I’ve been fascinated by Julius Caesar ever since I first read Shakespeare’s play as a girl, especially the praise spoken by a grudging Cassius:
Why, man, he doth bestride the narrow world
Like a Colossus, and we petty men
Walk under his huge legs and peep about
To find ourselves dishonorable graves.
It’s a treat to hear John Gielgud deliver these lines in the 1953 film directed by Joseph L. Mankiewicz. But Louis Calhern was simply not virile enough to be convincing as Caesar. And the costumes by Herschel Ferry (any relation, I wonder?) were a hit and miss affair.
Later I began to read about Caesar’s life, and to marvel at the way he succeeded at everything he did. One of the most brilliant generals of all time, he was also supremely talented prose stylist (his poems, alas, have been lost). He switched the Romans from an archaic lunar calendar to the “Julian” solar calendar we use today. Had he not been assassinated, he might well have conquered the Parthians (as he planned to do) and changed the shape of the Roman Empire. Again.

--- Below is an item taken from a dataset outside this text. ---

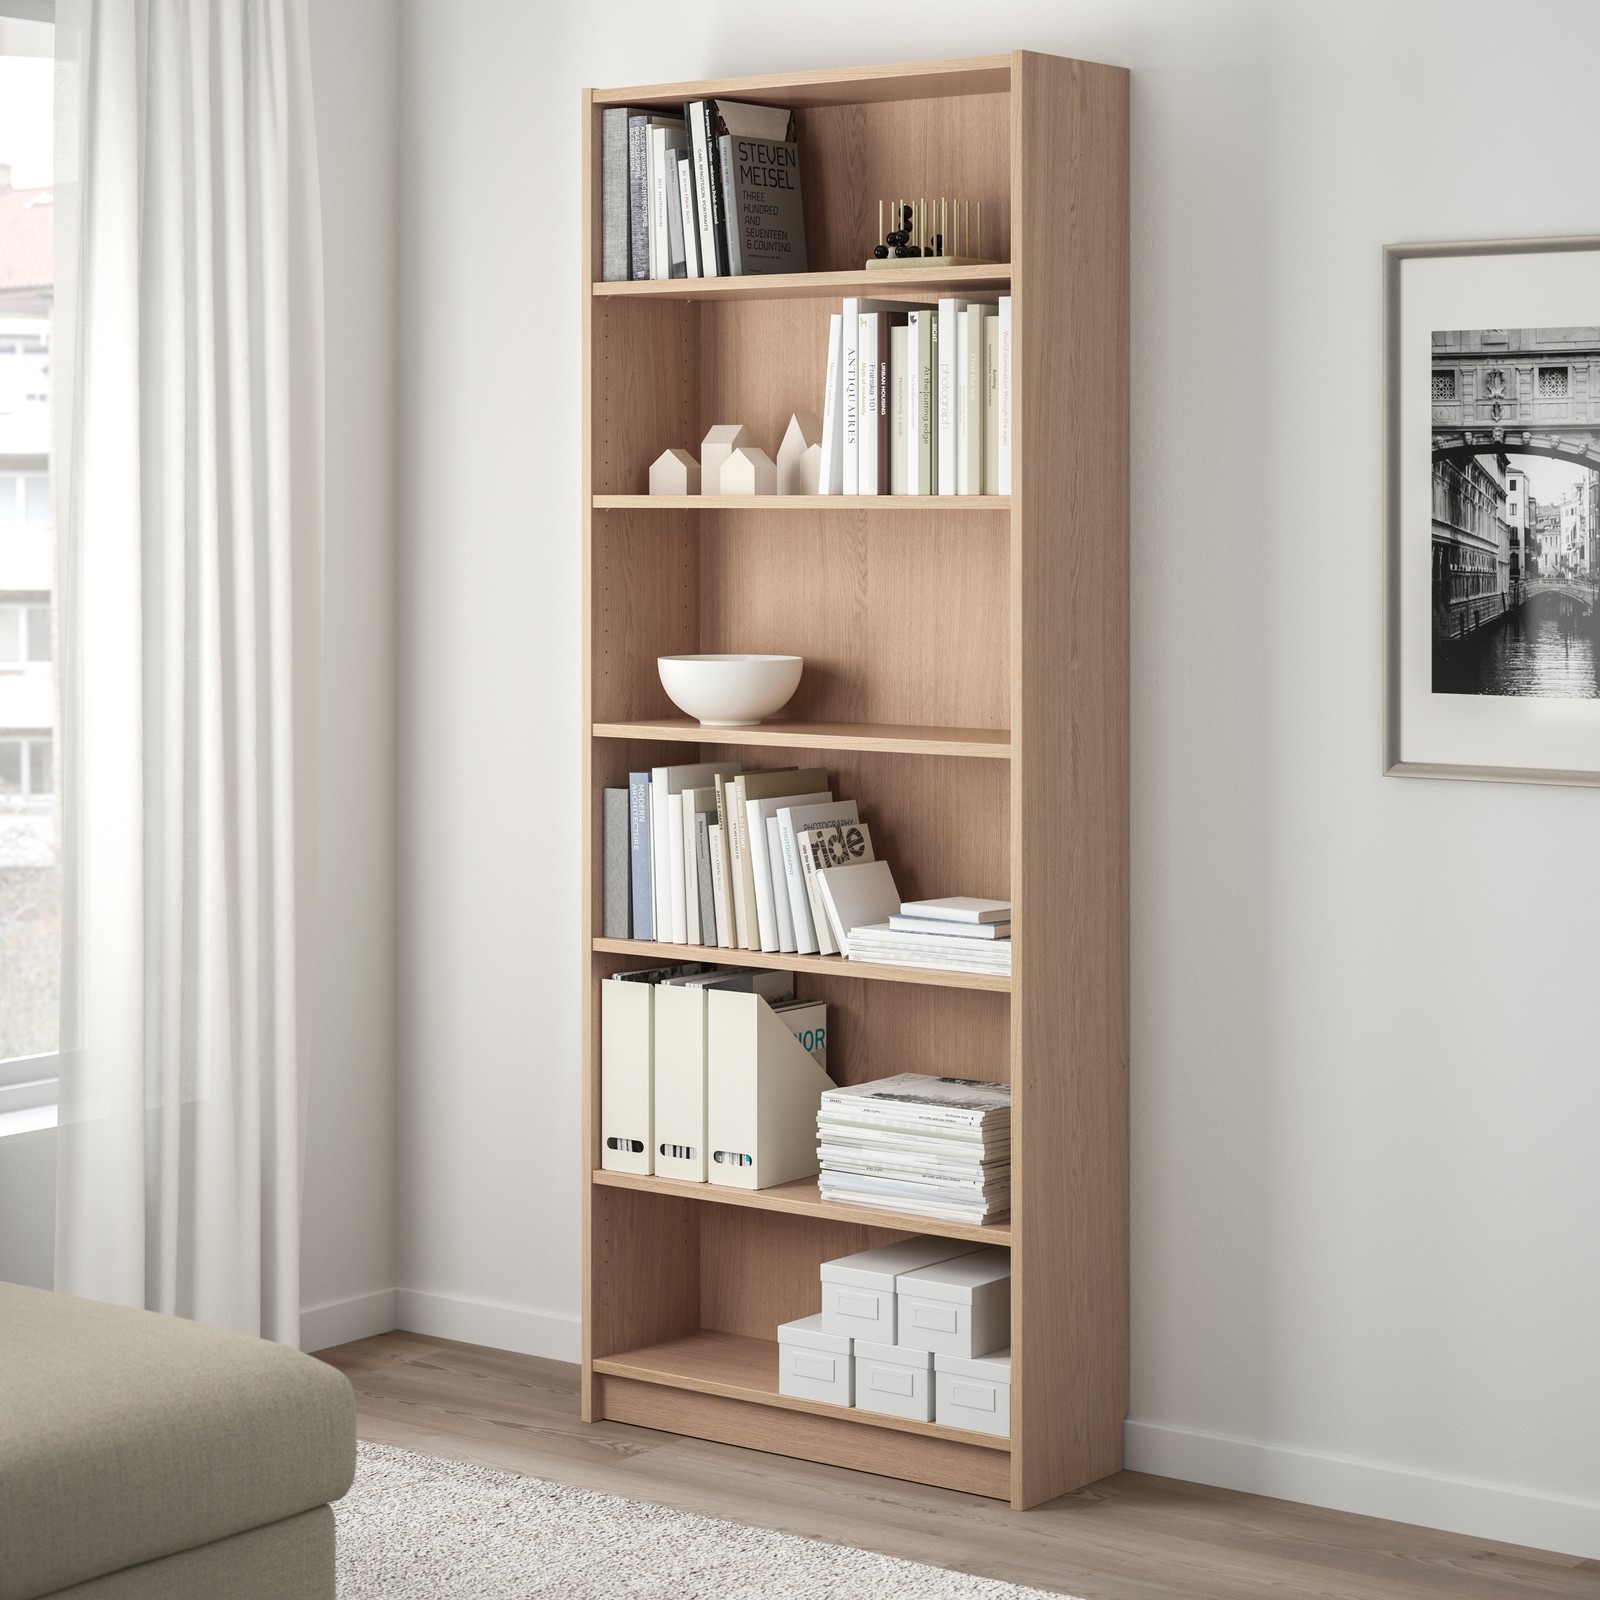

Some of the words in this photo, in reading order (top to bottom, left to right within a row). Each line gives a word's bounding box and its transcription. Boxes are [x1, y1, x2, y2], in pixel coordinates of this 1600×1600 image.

And then there is his love life. Caesar was an expert at seduction, and specialized in nailing the wives of his friends and associates. In Roman society this was highly questionable behavior, but somehow he got away with it. The gossip-monger Suetonius writes (Div. Jul. 50) that “he seduced many illustrious women, among them Postumia, wife of Servius Sulpicius, Lollia, wife of Aulus Gabinius, Tertulla, wife of Marcus Crassus, and even Gnaeus Pompeius’ wife Mucia.”
As a youth, he is said to have dallied with King Nicomedes of Bithynia (rumors of this affair dogged him for the rest of his life). And he went through three wives (Cornelia, Pompeia and Calpurnia) in addition to a longtime mistress, Servilia (mother of Brutus). With all this energetic bedroom activity, it’s amazing he managed to get anything else done.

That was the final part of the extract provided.